Task brief: Make an exact copy of every entry, leaving the pictures out.

── Data for the task ──

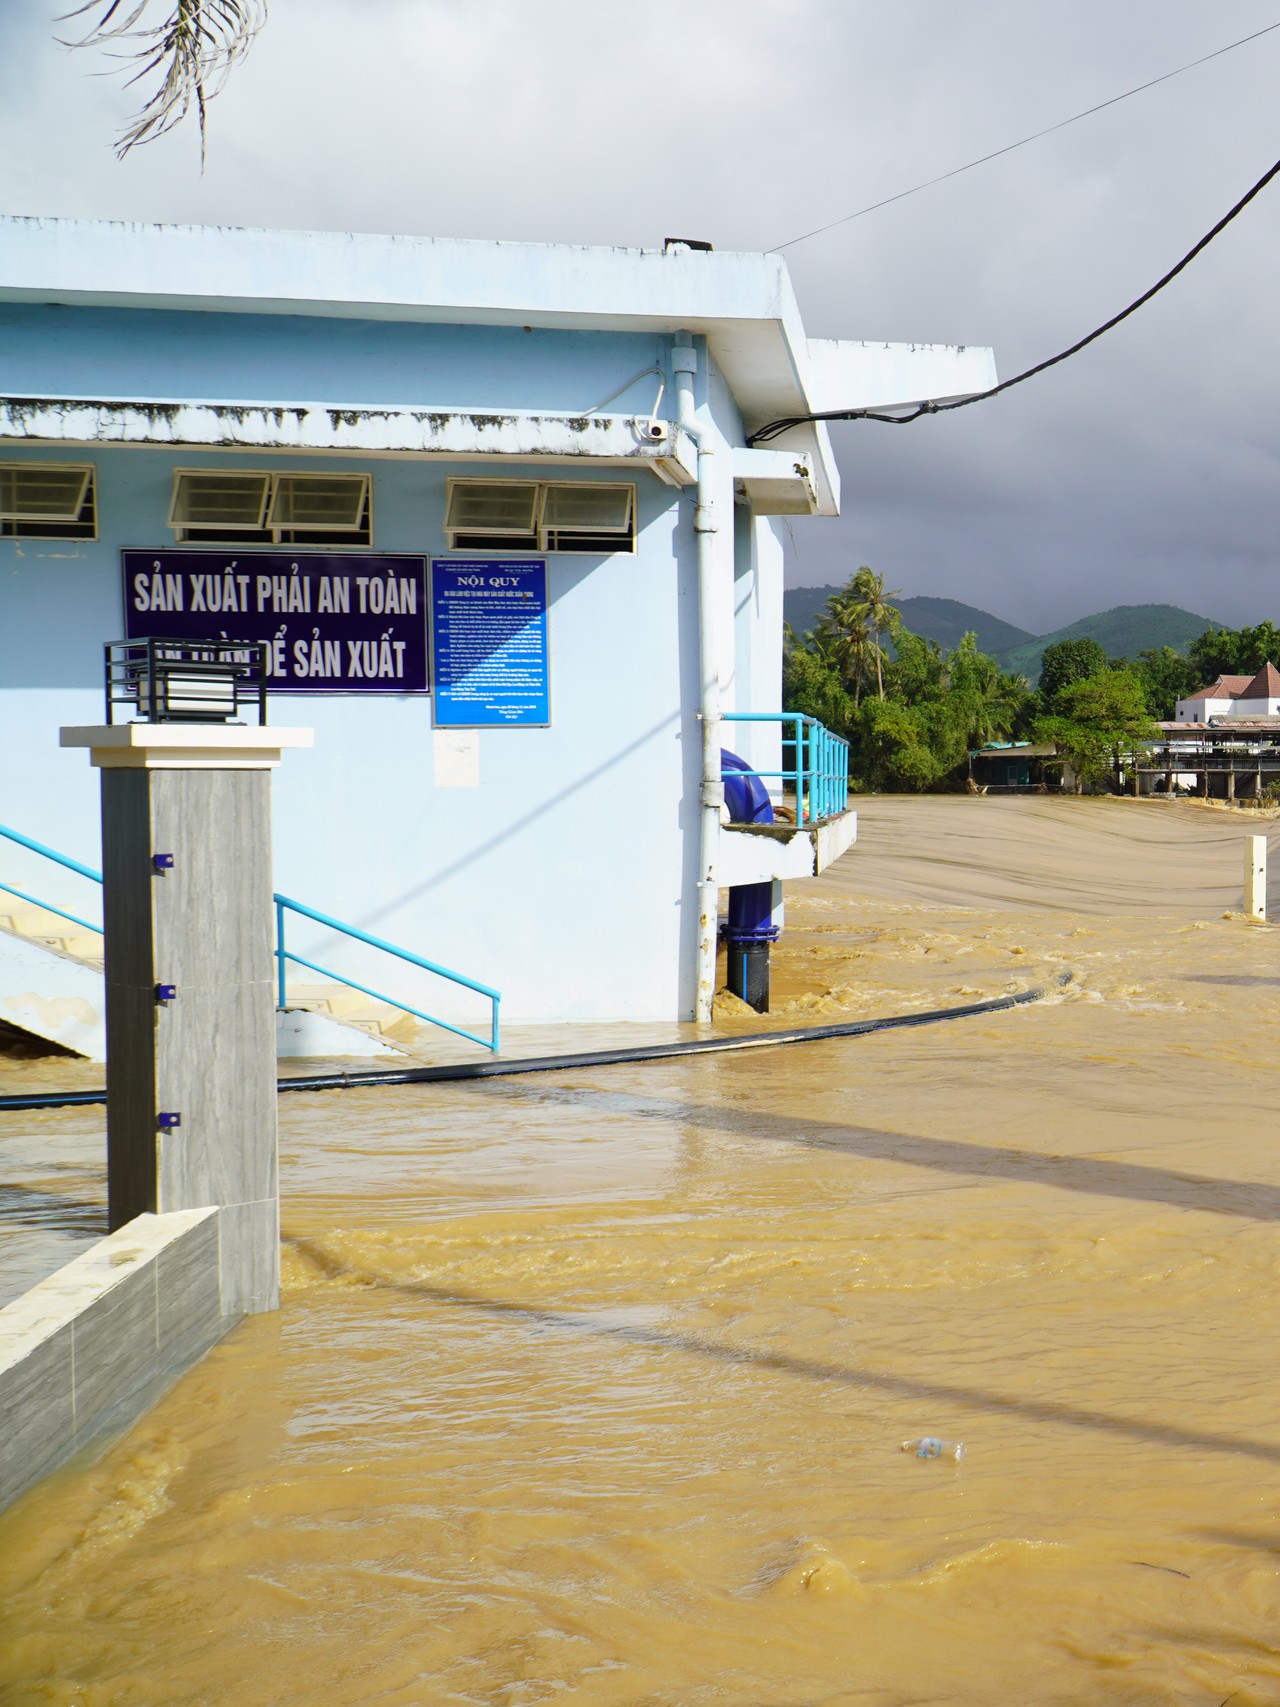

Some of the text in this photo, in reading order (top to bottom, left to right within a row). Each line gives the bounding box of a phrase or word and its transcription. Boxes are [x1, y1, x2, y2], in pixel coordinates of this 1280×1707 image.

[134, 561, 417, 615] SẢN XUẤT PHẢI AN TOÀN
[457, 575, 520, 588] NỘI QUY
[294, 627, 341, 678] SẢN
[348, 627, 407, 679] XUẤT
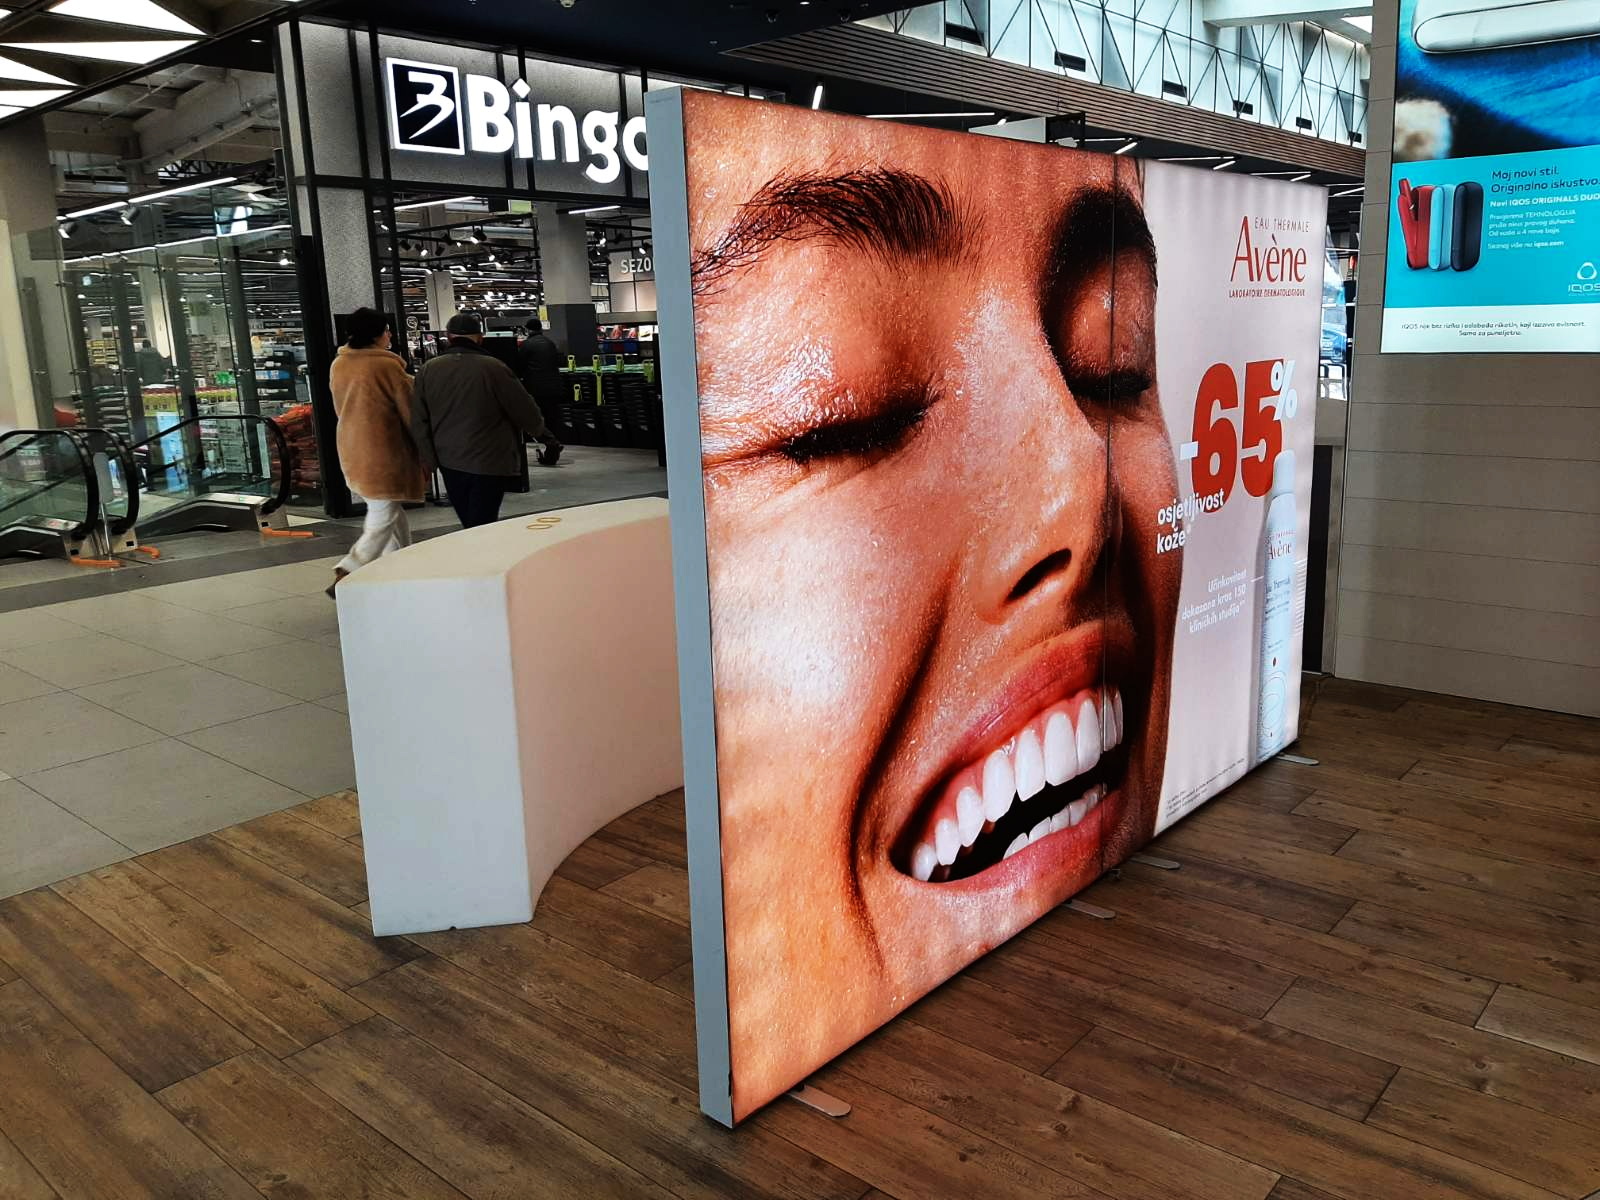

───

Answer box:
Some of the text in this photo, in reading order (top to bottom, left to right within a row). Each line gives the bounding box of a phrase or word and its transcription. Boxes are [x1, y1, x2, y2], in pixel coordinates of this 1280×1707 image.

[134, 561, 417, 615] SẢN XUẤT PHẢI AN TOÀN
[457, 575, 520, 588] NỘI QUY
[294, 627, 341, 678] SẢN
[348, 627, 407, 679] XUẤT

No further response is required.